Monday, November 14, 2016

Rabbi Abraham Cooper: 'Wake Up America! It’s The Haters v. The Rest of Us'

 
The following was submitted today by Rabbi Abraham Cooper, Associate Dean, Simon Wiesenthal Center & Museum of Tolerance. 

At a time when the globe reverberated with Nazi jackboots, the poet William Butler Yeats lamented: “The best lack all conviction, while the worst are full of passionate intensity.” We are not back in the dark days of the 1930s, but there is cause for concern both in the U.S. and globally in the wake of our recent election and the generally unsettled state of the world.

Following November 8th’s unexpected result, both President-elect Donald Trump and Secretary Hillary Clinton are united in the conviction that, in the sentiments of Abraham Lincoln, the nation must bind up its wounds, begin listening to each other and pursue the common good.

https://pjmedia.com/trending/2016/11/14/watch-trump-tells-supporters-to-stop-the-slurs-violence-against-minorities/

But extremists at both ends of America’s political and social divide are pursuing a dangerous and ugly vision for our nation’s future.

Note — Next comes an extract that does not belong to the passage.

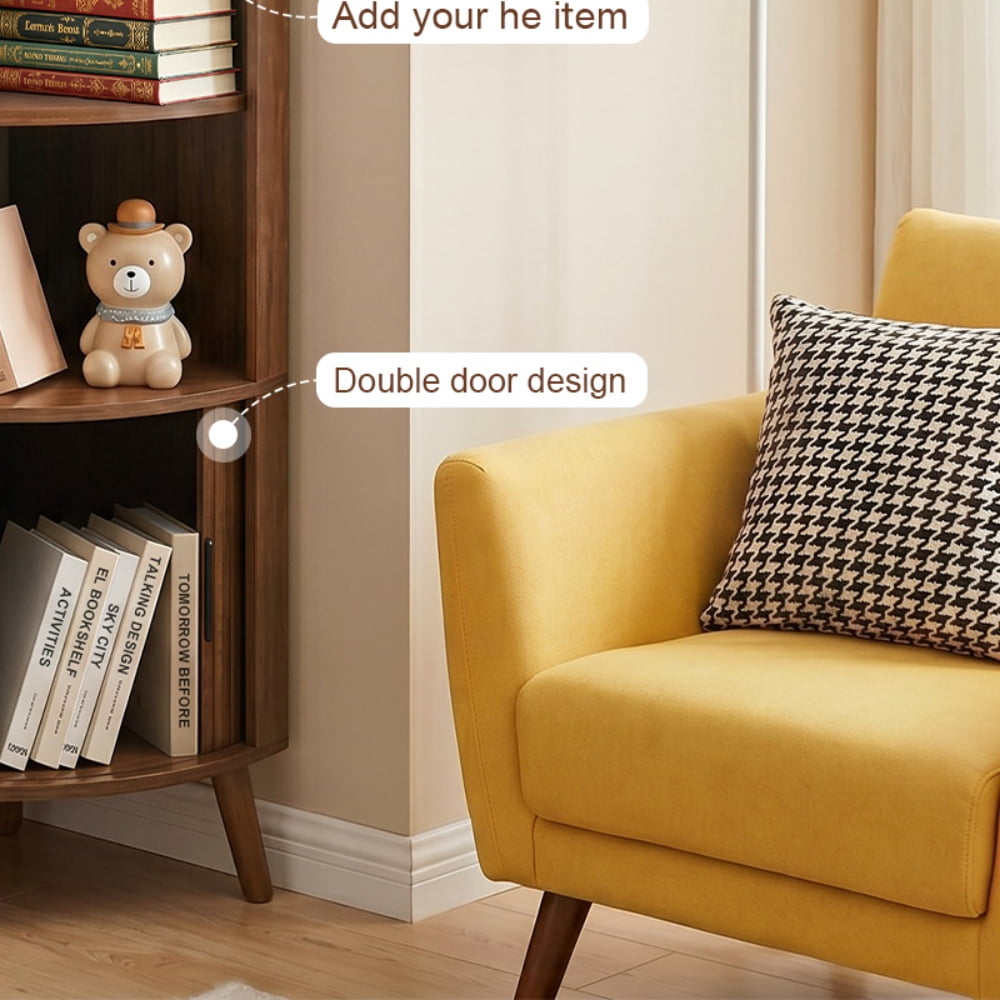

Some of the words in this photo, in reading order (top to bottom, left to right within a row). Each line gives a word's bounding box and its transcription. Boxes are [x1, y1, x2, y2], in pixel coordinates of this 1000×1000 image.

On the right, advocates of extremists causes ranging from “alt.right” anti-Semites, to the KKK and Neo-Confederates, to Muslim haters are mounting concerted hate campaigns targeting their usual victims: http://www.bbc.com/news/blogs-trending-37945386

At San Diego State University, a black student wearing full Islamic dress was attacked by two white men who lauded President-elect Donald Trump and disparaged the Muslim community before stealing her purse, rucksack, and car. http://www.nbcsandiego.com/news/local/2-Men-Cite-Trump-While-Robbing-SDSU-Student-Wearing-Hijab---400723761.html

At a nearby Walmart, a women shopper was approached by another woman who pulled off her hijab and said: “This is not allowed anymore, so go hang yourself with it around your neck not on your head.”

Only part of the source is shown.